◆ **EXERCISE DETAILS**:
Leave the images out. Give every line below again, precisely.

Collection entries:
-- Opening Marker --

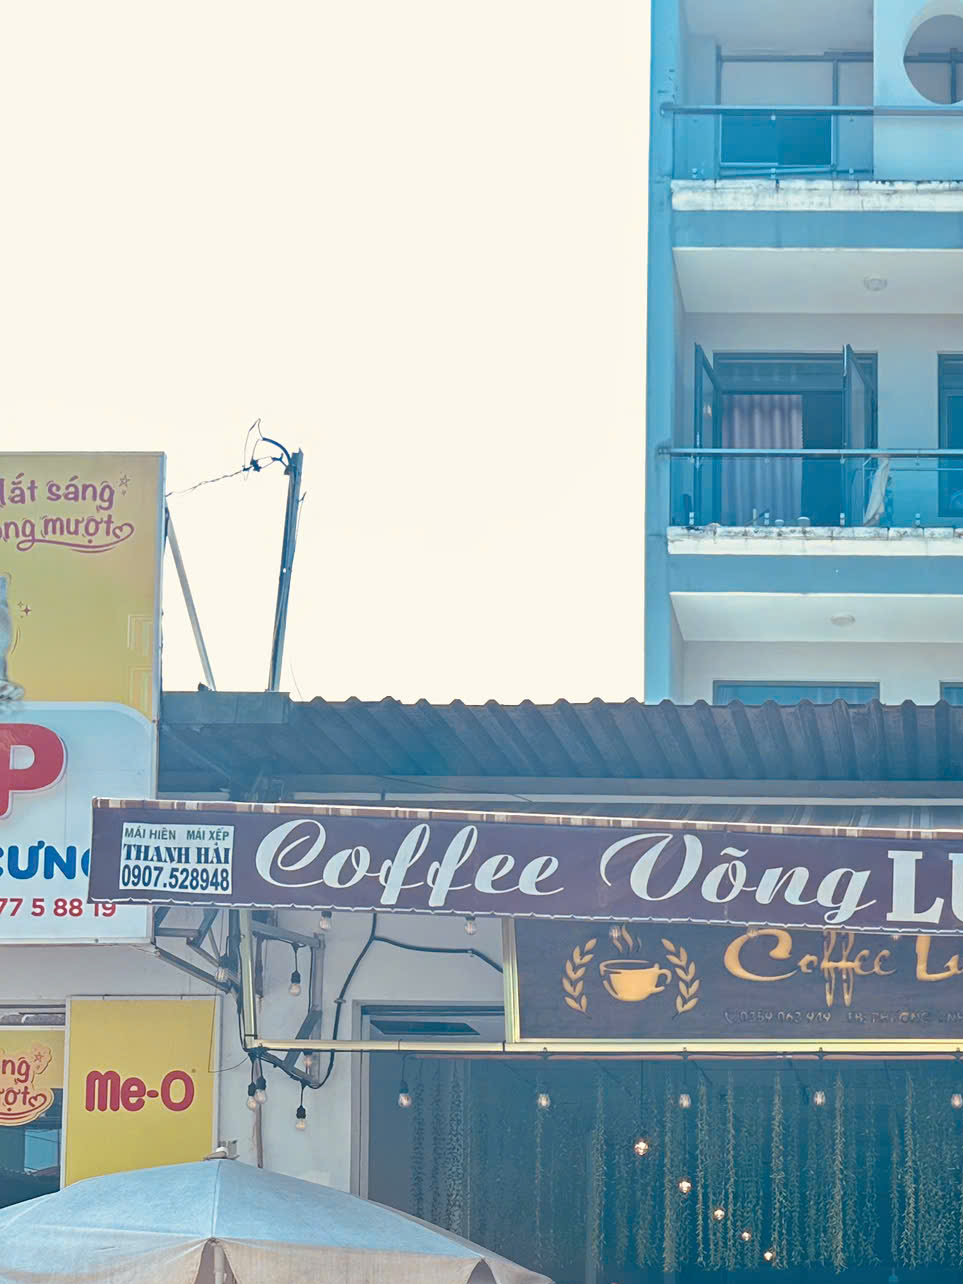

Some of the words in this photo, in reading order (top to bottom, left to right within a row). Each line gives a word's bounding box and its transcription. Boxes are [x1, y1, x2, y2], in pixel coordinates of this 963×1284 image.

[47, 475, 115, 511] sáng
[0, 519, 36, 551] ng
[43, 514, 115, 545] mượt
[124, 826, 146, 839] MÁI
[149, 827, 176, 841] HIÊN
[186, 828, 206, 841] MÁI
[209, 827, 230, 841] XẾP
[0, 841, 90, 880] ƯN
[123, 844, 191, 864] THANH
[196, 842, 231, 865] HẢI
[255, 819, 565, 907] Coffee
[600, 832, 877, 924] Võng
[121, 864, 230, 892] 0907.528948
[31, 898, 45, 917] 5
[53, 898, 83, 917] 88
[723, 928, 897, 1008] Coffee
[0, 1057, 31, 1084] ng
[85, 1070, 195, 1112] Me-O

-- Closing Marker --

◆ **RESPONSE BOX**:
Some of the words in this photo, in reading order (top to bottom, left to right within a row). Each line gives a word's bounding box and its transcription. Boxes are [x1, y1, x2, y2], in pixel coordinates of this 963×1284 image.

[47, 475, 115, 511] sáng
[0, 519, 36, 551] ng
[43, 514, 115, 545] mượt
[124, 826, 146, 839] MÁI
[149, 827, 176, 841] HIÊN
[186, 828, 206, 841] MÁI
[209, 827, 230, 841] XẾP
[0, 841, 90, 880] ƯN
[123, 844, 191, 864] THANH
[196, 842, 231, 865] HẢI
[255, 819, 565, 907] Coffee
[600, 832, 877, 924] Võng
[121, 864, 230, 892] 0907.528948
[31, 898, 45, 917] 5
[53, 898, 83, 917] 88
[723, 928, 897, 1008] Coffee
[0, 1057, 31, 1084] ng
[85, 1070, 195, 1112] Me-O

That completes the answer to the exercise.